Performance reports show that until March the High-Grade Structured Credit Strategies Fund hadn't had a monthly loss since its inception in October 2003. The second fund, the High-Grade Structured Credit Strategies Enhanced Leverage Fund, was started in August 2006 and made money every month until February.

`Challenging' Market

The company is continuing to work with the creditors of the High-Grade Structured Credit Strategies Enhanced Leverage Fund, Bear Stearns said in yesterday's statement. That fund has $1.2 billion of outstanding loans, it said.

The losses mounted as defaults on subprime loans accelerated, eroding the value of CDOs the funds held, and a second bet Cioffi, 51, had made as a hedge against such declines also went bad. By the end of April, the enhanced Bear Stearns fund was down more than 20 percent for the year.

``The subprime mortgage market has been challenging for a number of months,'' Cayne, 73, said in the statement yesterday. ``Over this time period, Bear Stearns's core trading and capital markets businesses have managed this risk well.''

U.S. Securities and Exchange Commission Chairman Christopher Cox said in testimony yesterday that the agency has opened about a dozen investigations in connection with subprime mortgage lending and securitization.

Subprime Risks

The cases ``relate generally to subprime,'' including debt issuers and the secondary market for securities such as CDOs and collateralized loan obligations, Cox told reporters afterward.

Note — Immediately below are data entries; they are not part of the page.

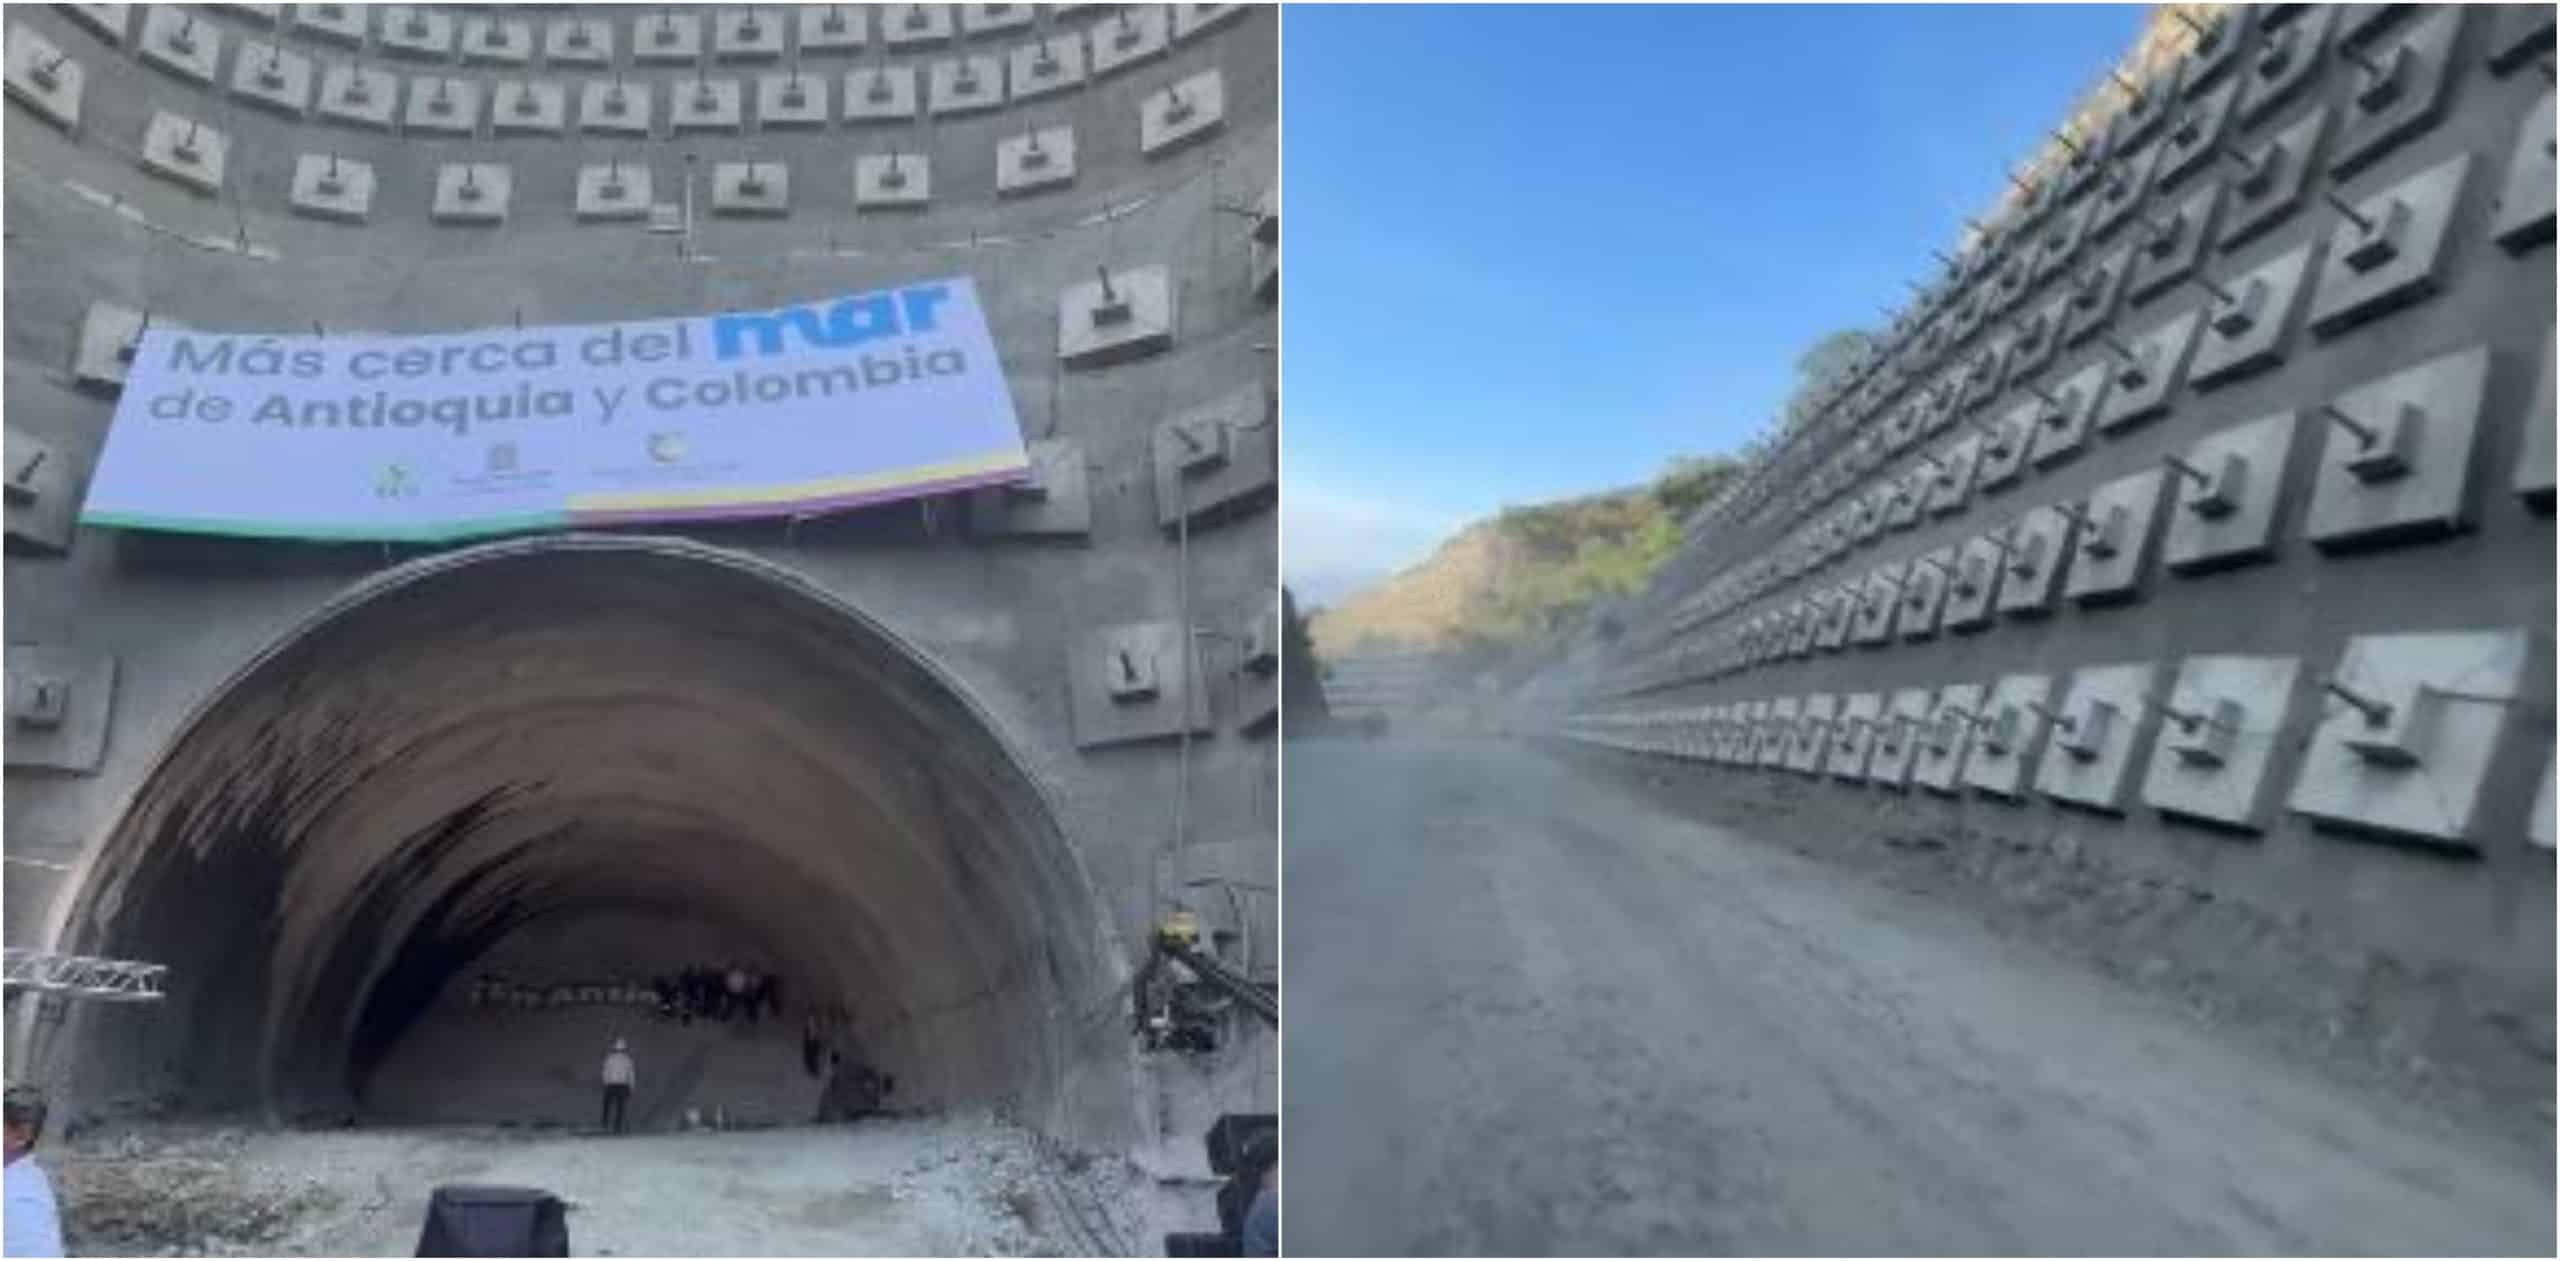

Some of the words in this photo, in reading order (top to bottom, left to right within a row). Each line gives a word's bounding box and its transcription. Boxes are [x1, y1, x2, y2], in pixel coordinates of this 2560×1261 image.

[169, 336, 326, 379] Más
[347, 339, 559, 380] cerca
[579, 325, 693, 366] del
[713, 286, 950, 361] mar
[148, 390, 233, 423] de
[251, 383, 574, 435] Antioquia
[594, 386, 626, 424] y
[644, 345, 966, 411] Colombia

He didn't identify people or companies under investigation.

Merrill Lynch & Co. CEO Stanley O'Neal said today in London that risks are ``reasonably well contained'' in the subprime mortgage market.

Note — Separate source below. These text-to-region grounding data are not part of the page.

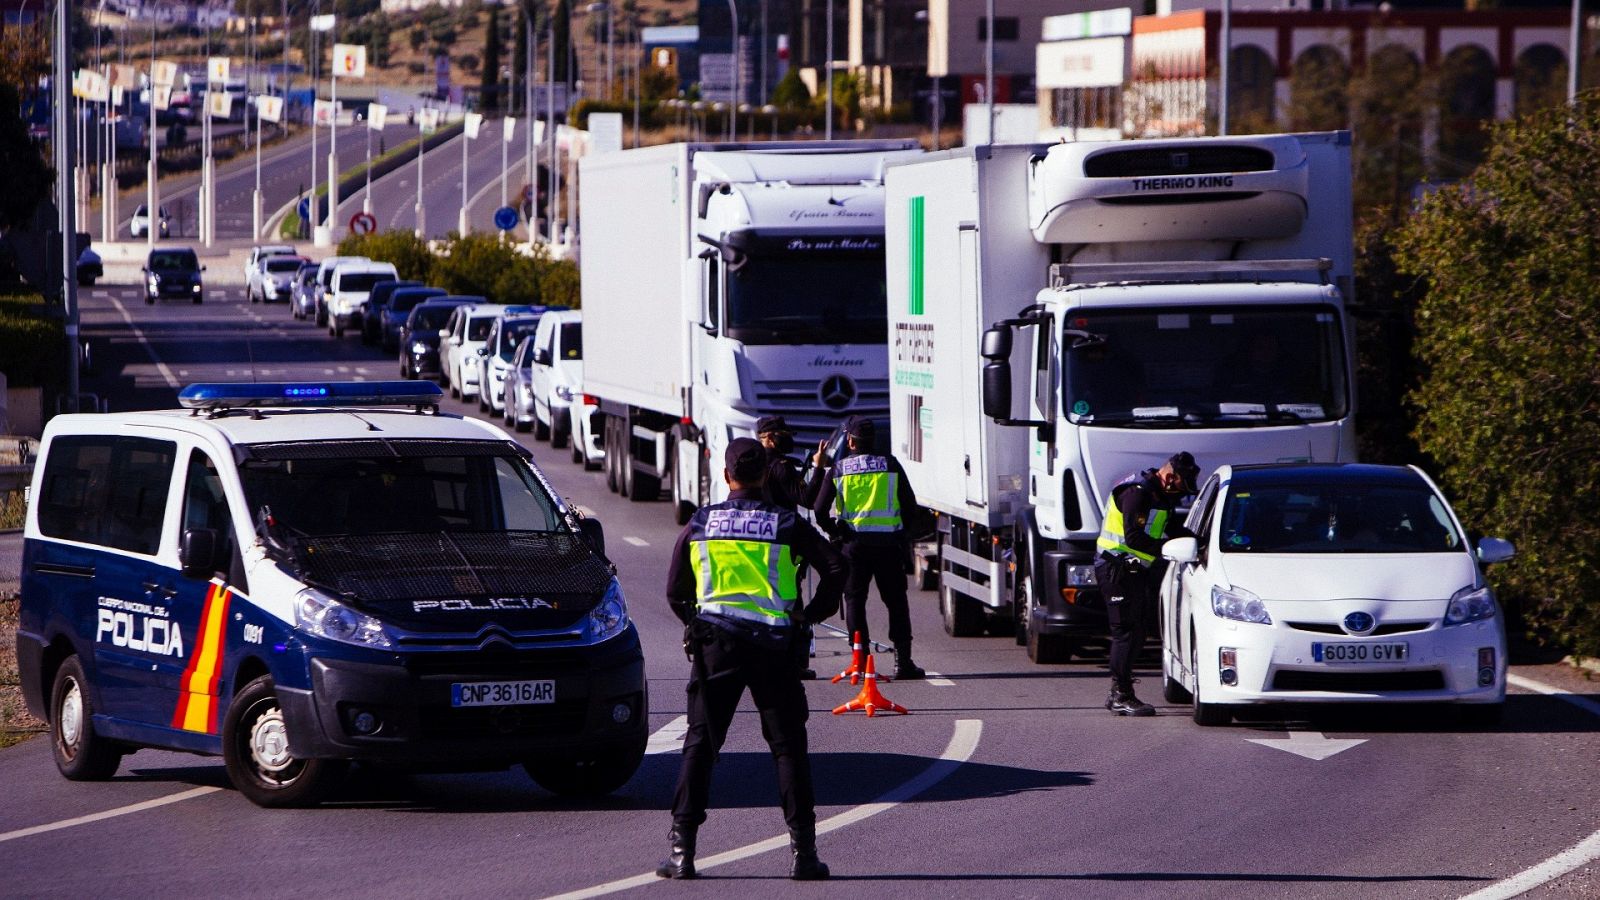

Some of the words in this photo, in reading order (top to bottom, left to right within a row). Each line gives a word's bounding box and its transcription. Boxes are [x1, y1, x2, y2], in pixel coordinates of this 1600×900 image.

[1133, 177, 1196, 190] THERMO
[1198, 176, 1234, 188] KING
[1325, 645, 1367, 660] 6030
[1373, 644, 1405, 660] GVW
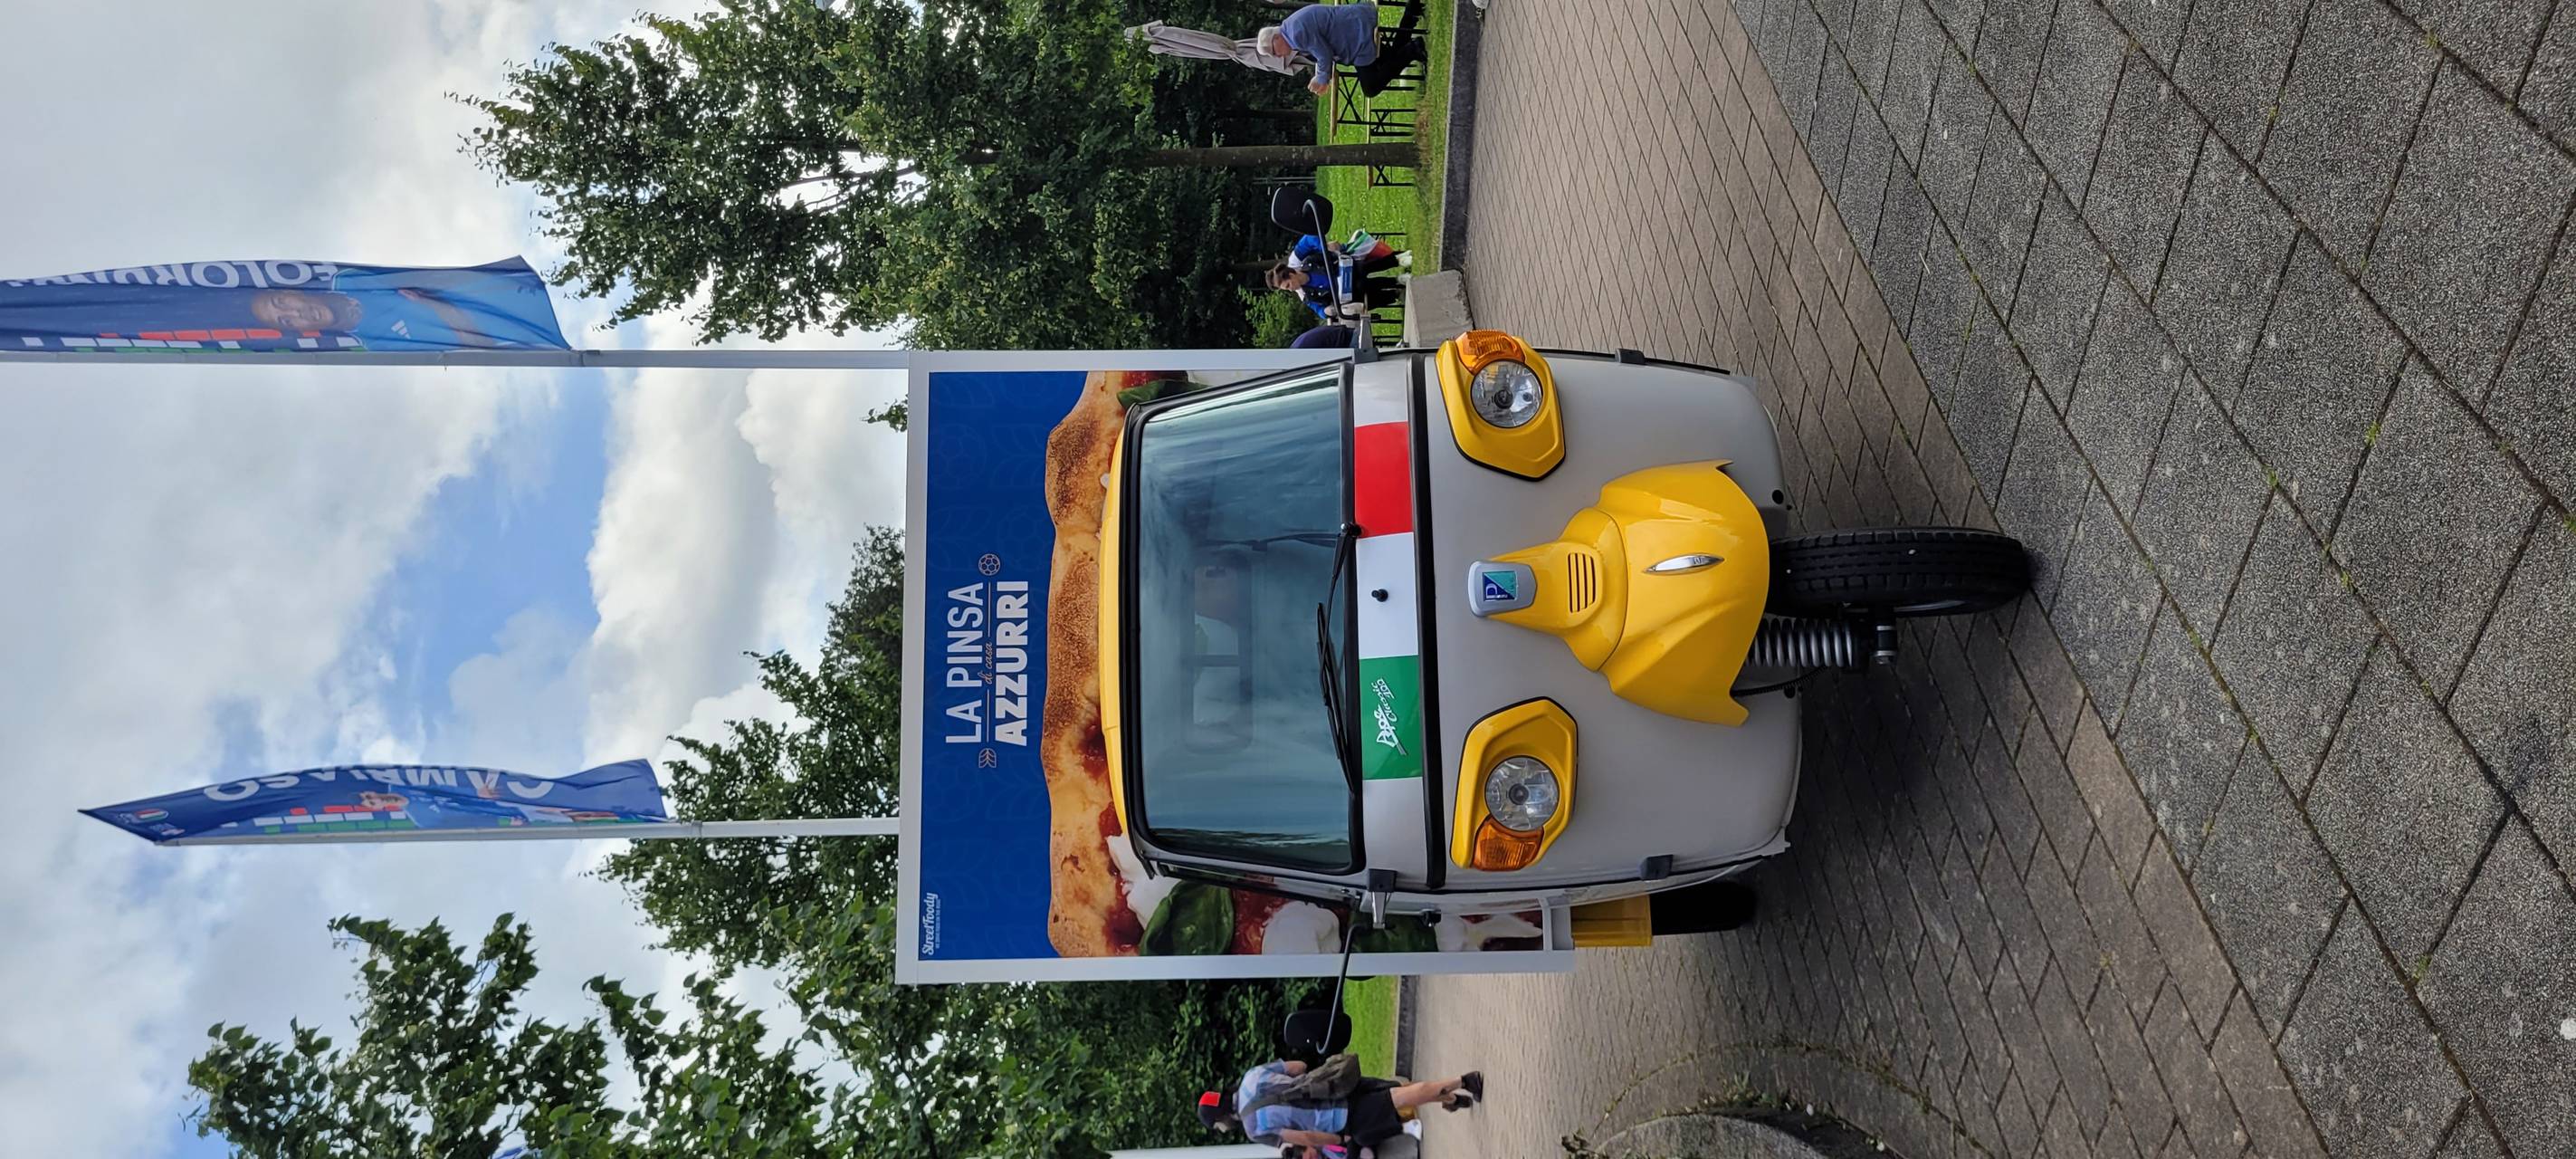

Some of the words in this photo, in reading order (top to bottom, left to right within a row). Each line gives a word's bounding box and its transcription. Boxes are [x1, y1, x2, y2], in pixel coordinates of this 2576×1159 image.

[947, 582, 984, 687] PINSA
[985, 642, 993, 669] casa
[995, 581, 1029, 746] AZZURRI
[945, 699, 982, 742] LA

``There have been no clear signs it's spilling over into other subsets of the bond market, the fixed-income market and the credit market,'' said O'Neal, who was speaking at a conference organized by Euromoney Institutional Investors. ``There are risks in some of the structures, in some of the complexities of CDOs, mortgage-backed securities and particularly prime brokerage, but there's no clear sign that there's contagion developing.''

Merrill is the third-largest U.S. securities firm by market value after Goldman Sachs Group Inc. and Morgan Stanley. The three companies are based in New York.